Source information:
· · ·

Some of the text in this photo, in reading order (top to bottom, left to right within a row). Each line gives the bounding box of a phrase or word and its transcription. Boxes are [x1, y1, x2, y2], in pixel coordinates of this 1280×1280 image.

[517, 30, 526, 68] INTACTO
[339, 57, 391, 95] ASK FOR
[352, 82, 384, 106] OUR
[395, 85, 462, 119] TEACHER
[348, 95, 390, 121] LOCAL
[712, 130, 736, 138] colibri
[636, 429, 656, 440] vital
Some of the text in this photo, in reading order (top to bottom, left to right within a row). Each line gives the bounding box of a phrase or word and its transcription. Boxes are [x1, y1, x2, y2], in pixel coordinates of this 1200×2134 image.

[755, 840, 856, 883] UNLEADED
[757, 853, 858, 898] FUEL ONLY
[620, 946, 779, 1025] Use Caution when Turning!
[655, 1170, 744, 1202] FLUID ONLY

· · ·

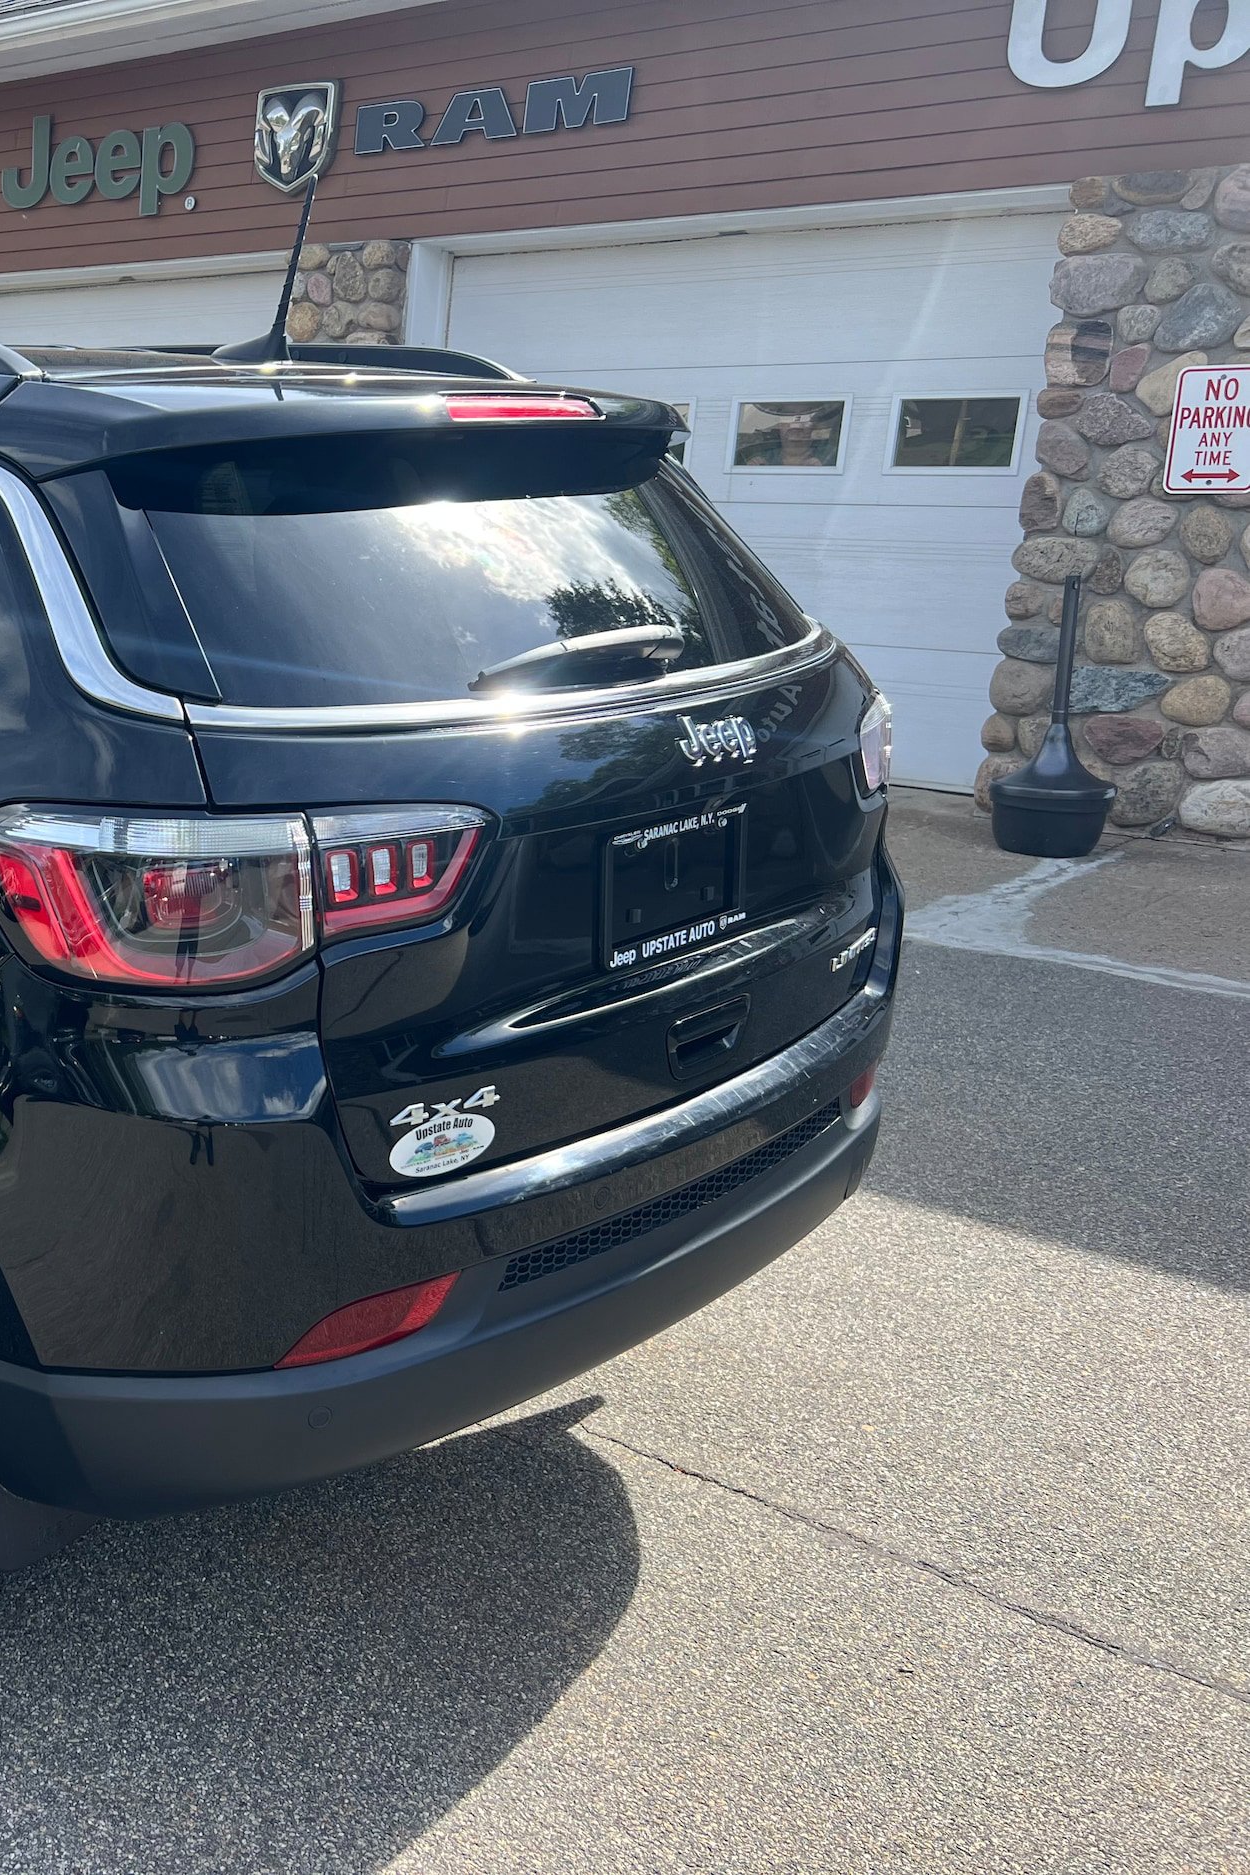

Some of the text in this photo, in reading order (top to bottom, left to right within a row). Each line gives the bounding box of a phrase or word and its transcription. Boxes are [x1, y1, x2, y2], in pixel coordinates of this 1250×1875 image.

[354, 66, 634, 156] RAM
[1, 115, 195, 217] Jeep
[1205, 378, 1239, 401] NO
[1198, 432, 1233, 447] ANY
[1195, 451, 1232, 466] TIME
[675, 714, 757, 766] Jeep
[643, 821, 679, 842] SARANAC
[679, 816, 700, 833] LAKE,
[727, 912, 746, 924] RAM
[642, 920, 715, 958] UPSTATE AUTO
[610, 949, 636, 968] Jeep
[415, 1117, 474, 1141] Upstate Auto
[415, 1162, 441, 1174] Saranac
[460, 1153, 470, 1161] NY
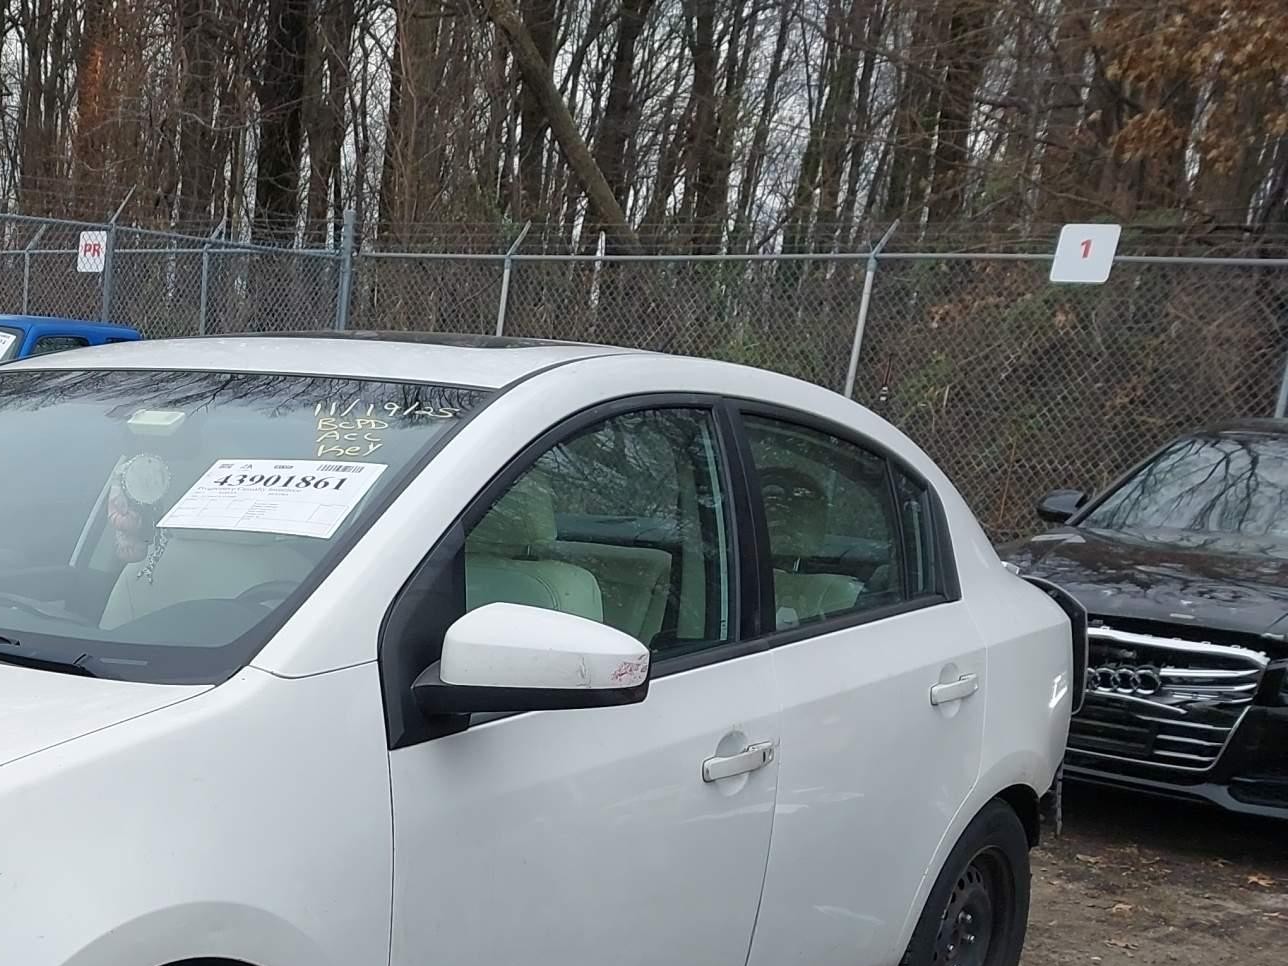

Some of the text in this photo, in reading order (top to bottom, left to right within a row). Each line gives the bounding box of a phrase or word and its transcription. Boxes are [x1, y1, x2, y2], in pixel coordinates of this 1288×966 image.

· · ·

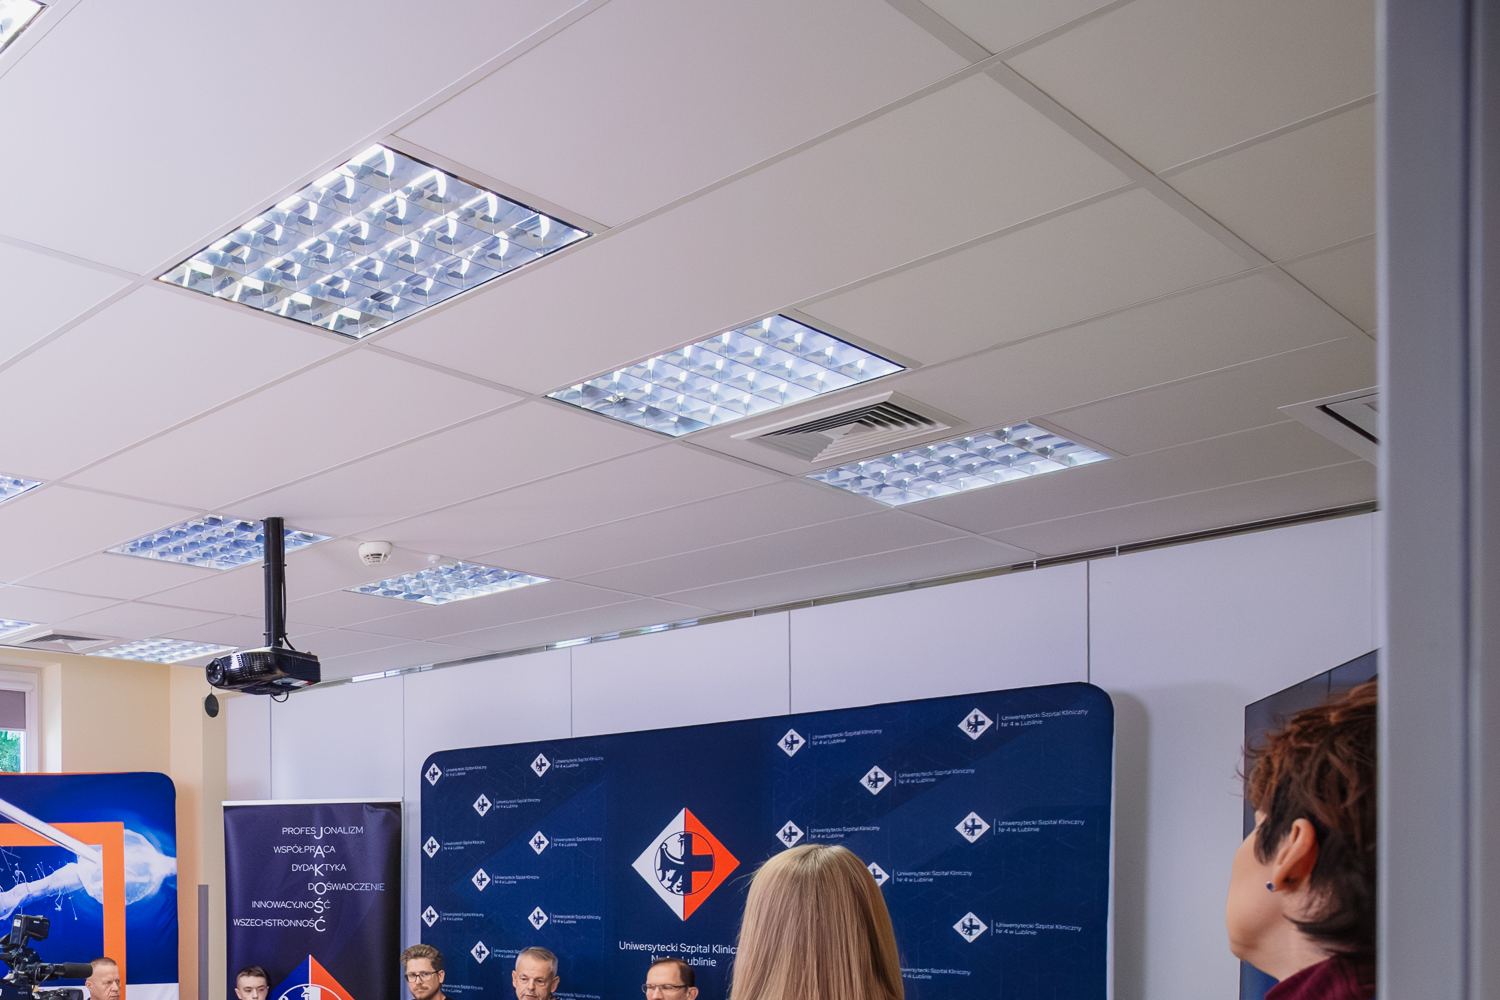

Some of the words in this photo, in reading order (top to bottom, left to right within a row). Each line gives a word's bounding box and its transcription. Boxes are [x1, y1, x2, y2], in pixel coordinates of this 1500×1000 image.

· · ·

Task item: The answer is the lines of the material above, from the one containing "this 1250×1875 image." down to the one containing "this 1288×966 image.", given exactly and without images.

Expected answer:
Some of the text in this photo, in reading order (top to bottom, left to right within a row). Each line gives the bounding box of a phrase or word and its transcription. Boxes are [x1, y1, x2, y2], in pixel coordinates of this 1250×1875 image.

[354, 66, 634, 156] RAM
[1, 115, 195, 217] Jeep
[1205, 378, 1239, 401] NO
[1198, 432, 1233, 447] ANY
[1195, 451, 1232, 466] TIME
[675, 714, 757, 766] Jeep
[643, 821, 679, 842] SARANAC
[679, 816, 700, 833] LAKE,
[727, 912, 746, 924] RAM
[642, 920, 715, 958] UPSTATE AUTO
[610, 949, 636, 968] Jeep
[415, 1117, 474, 1141] Upstate Auto
[415, 1162, 441, 1174] Saranac
[460, 1153, 470, 1161] NY

Some of the text in this photo, in reading order (top to bottom, left to right within a row). Each line gives the bounding box of a phrase or word and its transcription. Boxes are [x1, y1, x2, y2], in pixel coordinates of this 1288×966 image.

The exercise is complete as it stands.